Return the full listing character for character, without its pictures.
____________
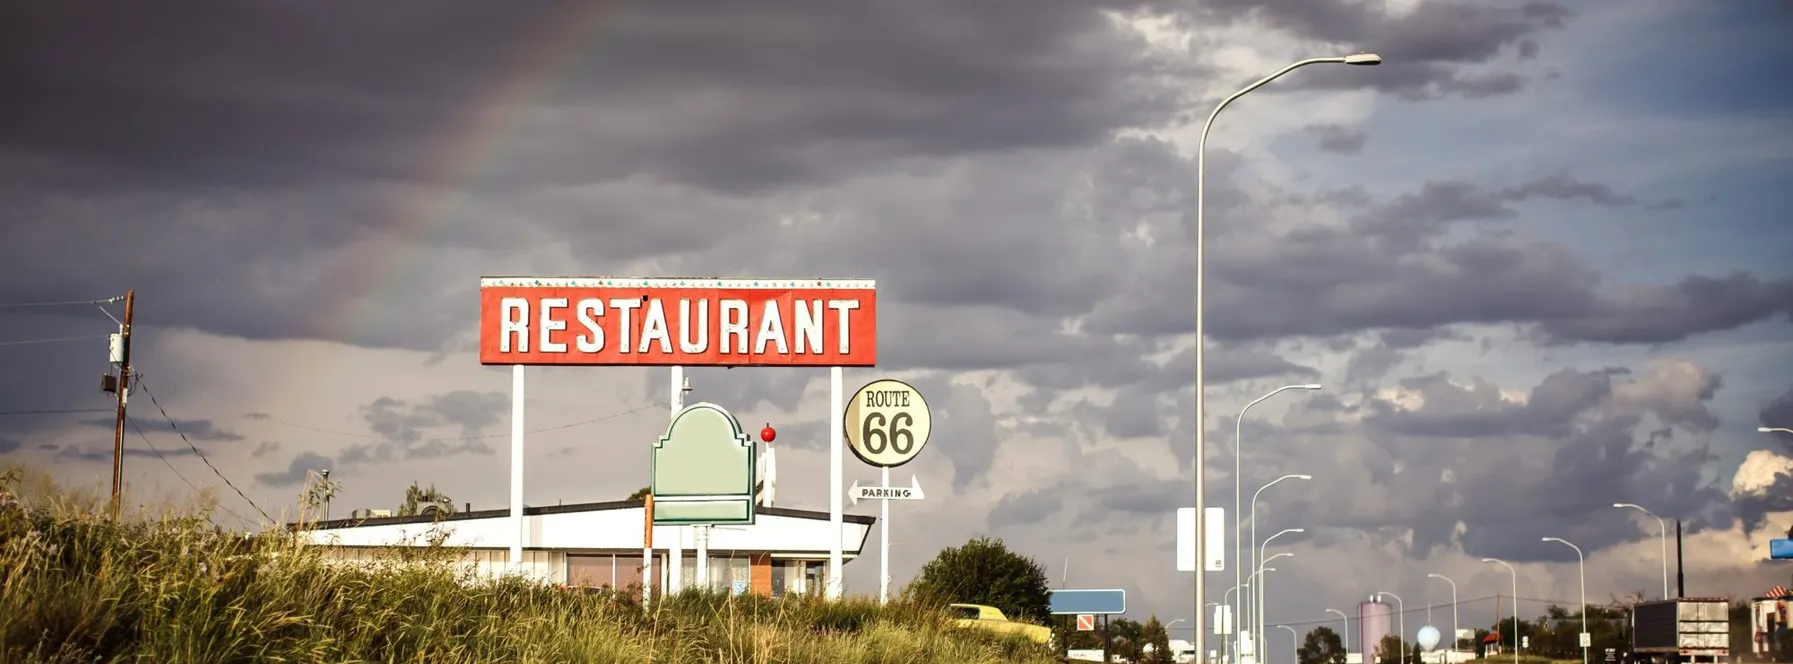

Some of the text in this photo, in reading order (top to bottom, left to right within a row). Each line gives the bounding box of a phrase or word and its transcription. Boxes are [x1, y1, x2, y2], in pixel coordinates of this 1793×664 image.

[500, 297, 859, 353] RESTAURANT
[866, 390, 910, 407] ROUTE
[863, 412, 914, 455] 66
[862, 488, 912, 498] PARKING
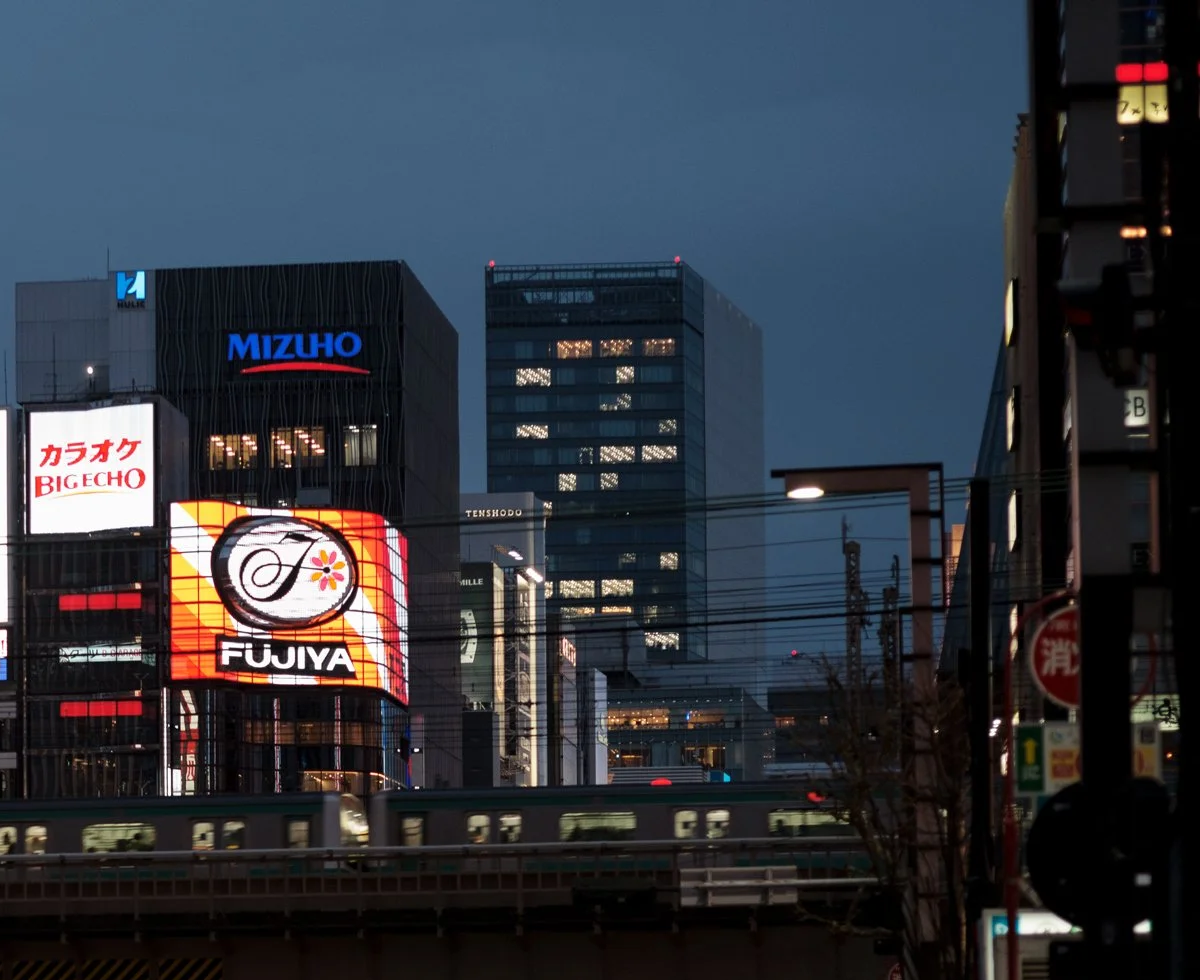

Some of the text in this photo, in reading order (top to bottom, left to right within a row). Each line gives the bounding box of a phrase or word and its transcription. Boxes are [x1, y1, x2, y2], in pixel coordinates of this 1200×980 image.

[227, 332, 362, 361] MIZUHO
[40, 438, 141, 468] カラオケ
[34, 468, 146, 498] BIG ECHO
[465, 508, 522, 518] TENSHODO
[221, 641, 355, 672] FUJIYA
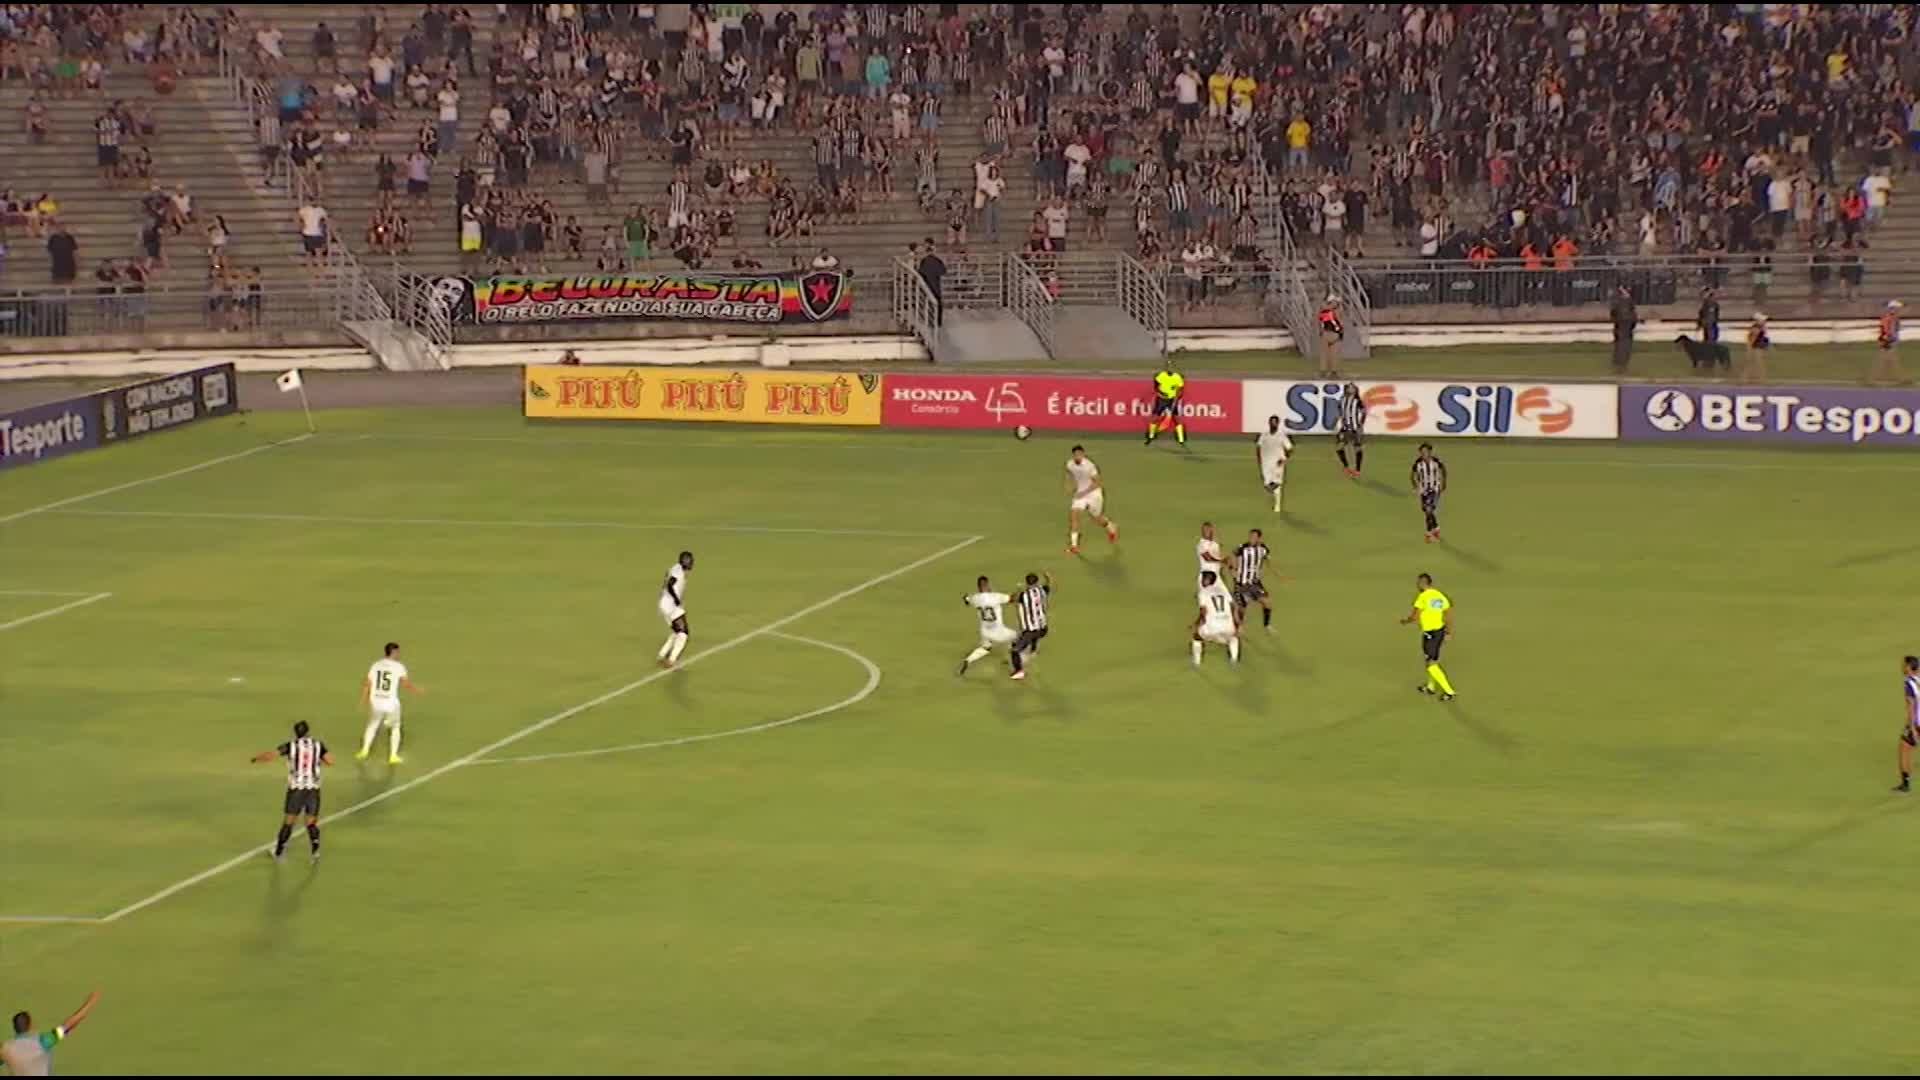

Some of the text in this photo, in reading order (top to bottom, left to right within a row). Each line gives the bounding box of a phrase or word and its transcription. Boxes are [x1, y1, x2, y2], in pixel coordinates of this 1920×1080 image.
____________
**TASK ANSWER:**
Some of the text in this photo, in reading order (top to bottom, left to right within a row). Each line gives the bounding box of a phrase or word and its transcription. Boxes are [x1, y1, x2, y2], in pixel coordinates of this 1793×664 image.

[500, 297, 859, 353] RESTAURANT
[866, 390, 910, 407] ROUTE
[863, 412, 914, 455] 66
[862, 488, 912, 498] PARKING

Some of the text in this photo, in reading order (top to bottom, left to right within a row). Each line gives the bounding box of a phrase or word and its transcription. Boxes are [x1, y1, x2, y2], in pixel coordinates of this 1200×980 image.

[227, 332, 362, 361] MIZUHO
[40, 438, 141, 468] カラオケ
[34, 468, 146, 498] BIG ECHO
[465, 508, 522, 518] TENSHODO
[221, 641, 355, 672] FUJIYA

Some of the text in this photo, in reading order (top to bottom, left to right within a row). Each line gives the bounding box of a phrase or word and its transcription. Boxes are [x1, y1, x2, y2], in pixel coordinates of this 1920×1080 image.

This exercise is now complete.